There was one place I liked in Kuta though. A small warung with a lady who was the only person not to hassle me or try and rip me off. I was quite happy to pay her Kuta’s inflated western prices for her cheap local food.
I’m sure there are great places and rich culture elsewhere in Bali, but I specifically came here for Lombok after all.
From Bali to Lombok
The next morning we used the Go Ride app to get to the Bali bus station. No buses went from here to the Padangbai ferry, but we hired a minivan to go the rest of the way.
At Padangbai we were offered a fast boat to the Gili Islands for 250,000IDR and next time I will take it. On the way back it only cost me 300,000IDR to take the fast boat and a shuttle bus from Gili Air to Denpassar Airport (4.5hrs). Whereas we took taxis, the slow ferry and more taxis on the other side just to get to Senggigi for the same price and more time (9hrs). It’s another 75,000IDR and at least 1hr to the Gili Islands after that.
So Andrés and I went to Senggigi whilst Carlos headed to Kuta, Lombok and Tanjung Aan – which both looked like places to go next time.
We stayed at Sonja’s Guesthouse for just 50,000IDR each. It’s a very modest place and we shared a bed, but it was no biggy. Sonja was very kind and helpful despite someone’s harsh review online that said she was a “sour bitch”.
She brought us a dessert on our first night and there was also some fruit, banana pancakes and tea for breakfast. Not a bad place at all for $5.
The beaches in Senggigi are okay. The sand is very brown, but there are lots of fancy resorts and we were enjoying one until security busted us and threw us out.
Lombok is a mix of Hindu and Muslim cultures so there is a small Hindu temple at the southern end of Senggigi called Pura Batu Bolong. They accept donations for entry and will tie a golden sash around your waist as is the custom.
The temple is actually built on an outcrop of rock jutting into the sea. It’s quite a peaceful place. There was a prayer area, but we saw a tour guide take some tourists up there and we followed suit. Andrés laughed as I did some yoga while we waited for the sunset.
There are some nice warungs where you can find Gado-Gado and the like plus some Western style bars for the tourists too.
Actually, instead of that we wandered down the road and found a small bar with some locals drinking and smoking shisha. We bought ourselves a Bintang and they welcomed us to join them. They very generously shared their rice wine with us. Apparently it can be bought super cheap in plastic bottles on the street. I actually preferred it to the beer, and better yet, mixed with the beer. Apparently it’s not as lethal as aruk so I suggest looking for some and trying it.

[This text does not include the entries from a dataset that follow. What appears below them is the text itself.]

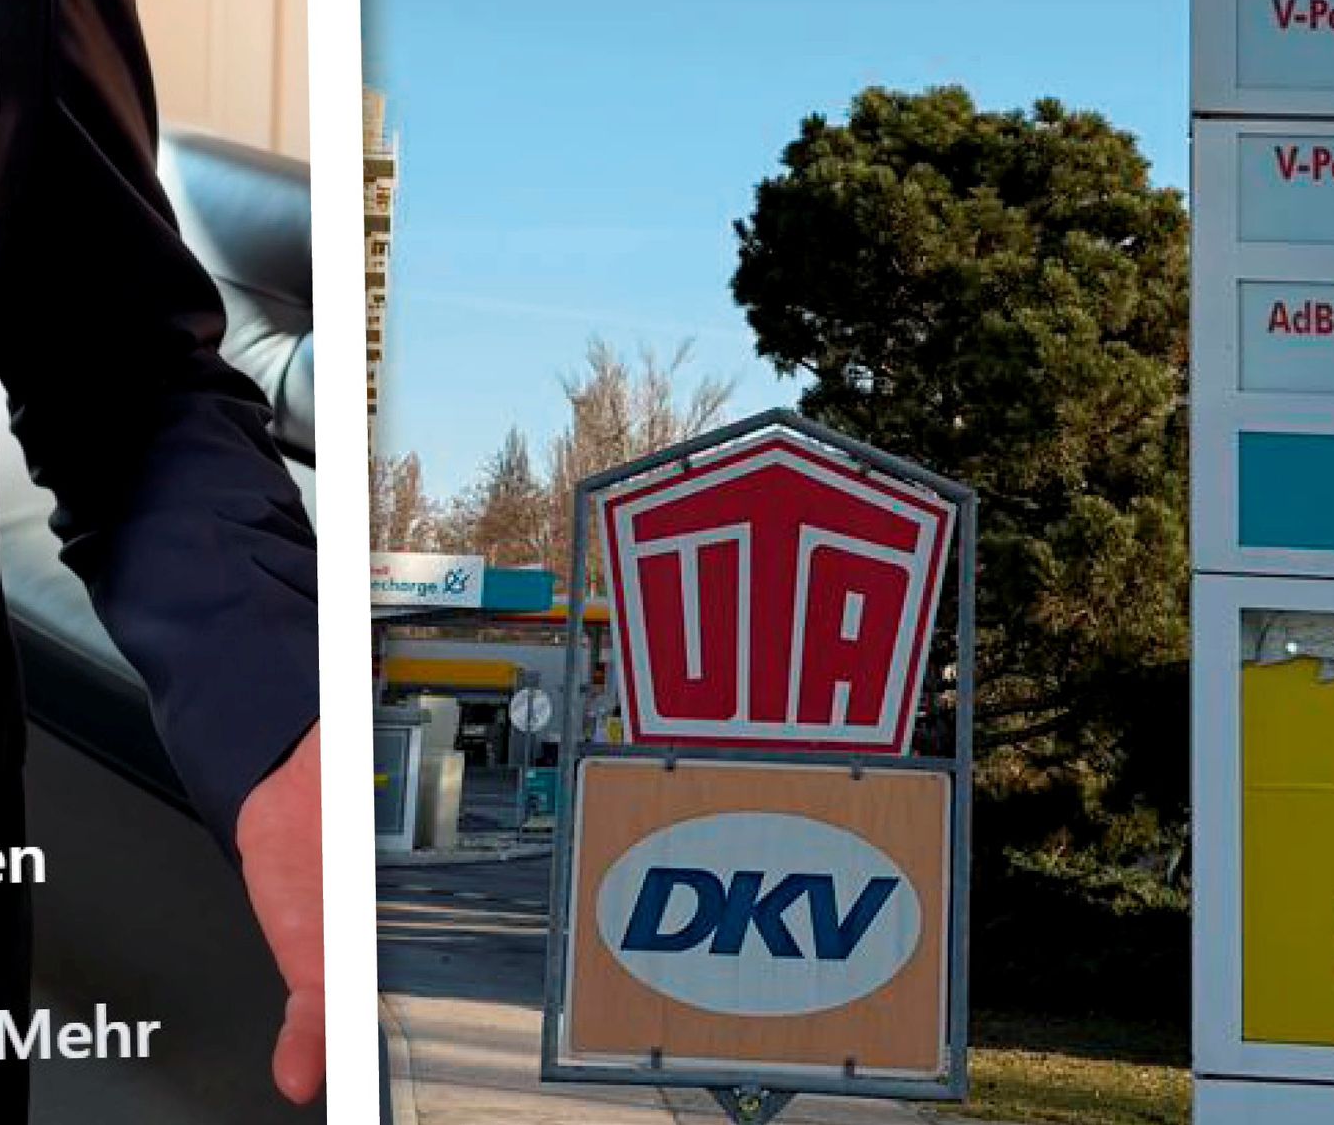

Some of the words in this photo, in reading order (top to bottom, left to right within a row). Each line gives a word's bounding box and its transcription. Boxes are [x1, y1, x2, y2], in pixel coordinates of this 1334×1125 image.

[369, 578, 438, 597] echarge
[631, 461, 921, 728] UTA
[620, 866, 901, 961] DKV
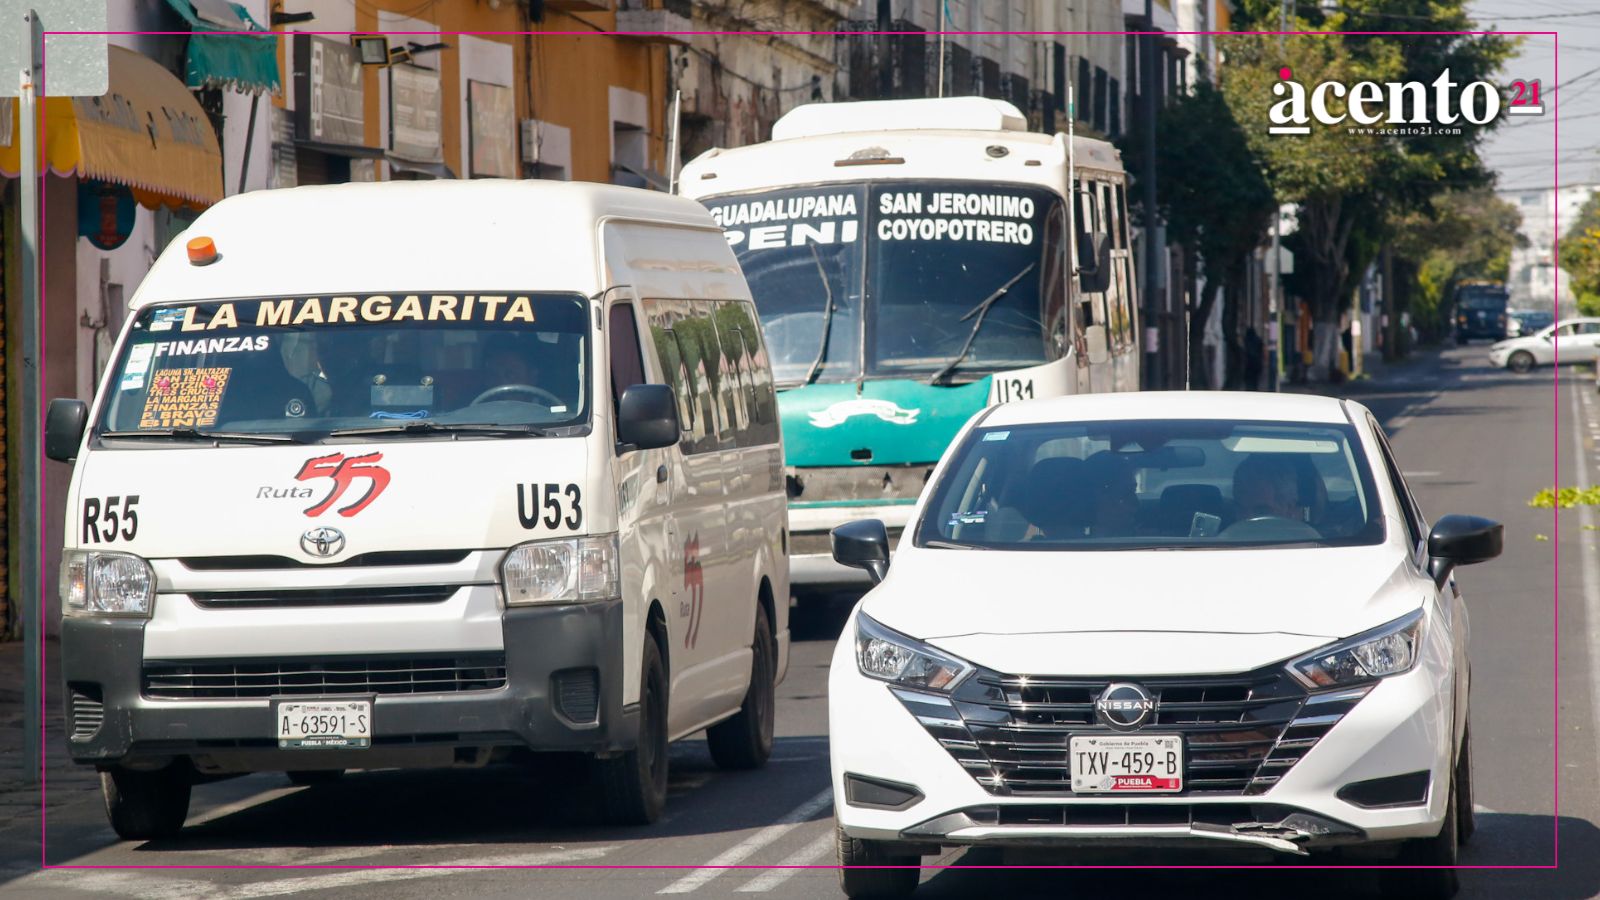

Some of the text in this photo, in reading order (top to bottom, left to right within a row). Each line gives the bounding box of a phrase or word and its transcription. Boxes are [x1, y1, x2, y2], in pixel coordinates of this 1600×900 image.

[710, 194, 857, 227] GUADALUPANA
[880, 193, 1035, 219] SAN JERONIMO
[877, 218, 1034, 246] COYOPOTRERO
[181, 303, 238, 332] LA
[255, 295, 536, 326] MARGARITA
[155, 335, 269, 357] FINANZAS
[155, 369, 182, 377] LAGUNA
[162, 395, 220, 404] MARGARITA
[180, 388, 223, 396] CRUCES
[997, 379, 1034, 403] U31
[144, 402, 219, 411] FINANZAS
[160, 410, 217, 419] BRAVO
[140, 418, 216, 427] BINE
[256, 452, 391, 517] Ruta 55
[516, 483, 583, 530] U53
[82, 495, 140, 544] R55
[1098, 701, 1153, 710] NISSAN
[282, 714, 367, 735] A-63591-S
[1077, 751, 1177, 775] TXV-459-B
[1118, 778, 1152, 786] PUEBLA

The guys were super chill, maybe a little bit high, played good music and it was good to hang out with them. Maybe just be a little more cautious around them if you’re female is all I’d say.
We tried to negotiate a tour for Mt Rinjani, but of course the prices were in the millions of rupiah and there were plenty of great excuses. My favourites were “if you book in Senaru it will be more expensive” and “if you don’t go with a tour company you will be arrested and deported”. Of course, how silly of me, adding a middleman is always cheaper and immigration police often wait in remote areas of national parks to arrest tourists hiking without a guide.
In the end, Sonja can actually do transport to or from Senaru for 300,000IDR and we decided to sort things out on the spot in Senaru.
I bought a bunch of supplies from the supermarket and we headed off the next day with the intention of hiking alone (since I had my tent) or booking just a guide (no need for a team of porters).